In The Jinx, D.F. Lamont documents the journey of 13-year old Stephen Grayson, a very unlucky boy. Stephen’s first bout with unfortunate circumstances begins with a bike accident. As the weeks progress, Stephen’s life seems to become a magnet for all things gloomy. After a potentially fatal car accident that leaves Stephen unharmed and his mother and brother mildly injured, Stephen decides that he is a liability to his family and must leave them in hopes that he will keep them safe. On his quest to find safety, Stephen battles stone monsters and a cult with the help of Daedalus, a scientist with extensive experience with the balance of order and chaos. Stephen’s questions about his sudden unlucky nature are eventually answered and a battle ensues between order and chaos.
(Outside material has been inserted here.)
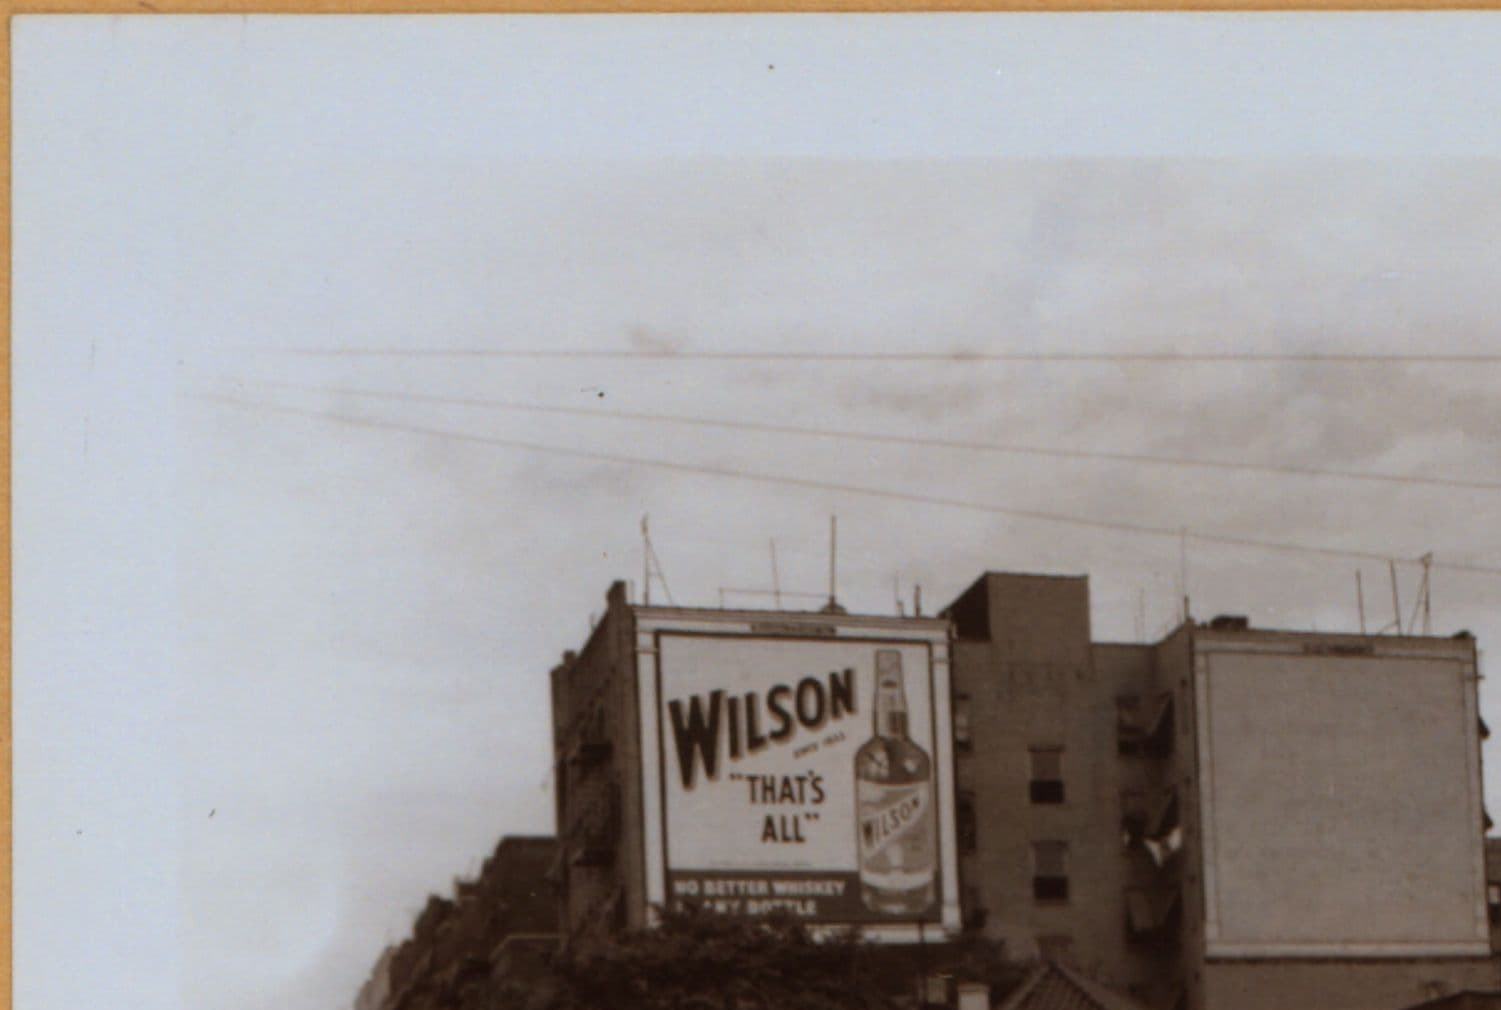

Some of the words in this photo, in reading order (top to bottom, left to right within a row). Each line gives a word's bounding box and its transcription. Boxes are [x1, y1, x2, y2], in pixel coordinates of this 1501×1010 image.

[668, 667, 857, 791] WILSON
[704, 880, 768, 896] BETTER
[773, 880, 845, 896] WHISKEY
Here is a debut novel of fiction from a writer who understands the formula of a successful fantasy adventure. The story quickly captures the audience’s interest and grasps tightly onto our attention throughout the novel. Lamont’s characters are likeable and relatable. Stephen is an average boy who just wants to get through 8th grade. Daedalus is a genius who made some mistakes but redeems himself later in the story. Lamont’s writing is brilliant. His choice of diction and phraseology are perfect for the story. His decision to include physics in the novel is wonderful because it will give young readers the opportunity to learn about science in an interesting way. Several of Lamont’s sentences leave the reader with a happy smile on her face. The most enjoyable aspect of this novel is the descriptive language. Everything from the sound of a bike to the texture of clothing is described wonderfully.
The Jinx is targeted at children aged 9-13, and I highly recommend this novel for that age group. It is the perfect pocket-sized adventure.
In exchange for an honest review, I received a copy from Goodreads.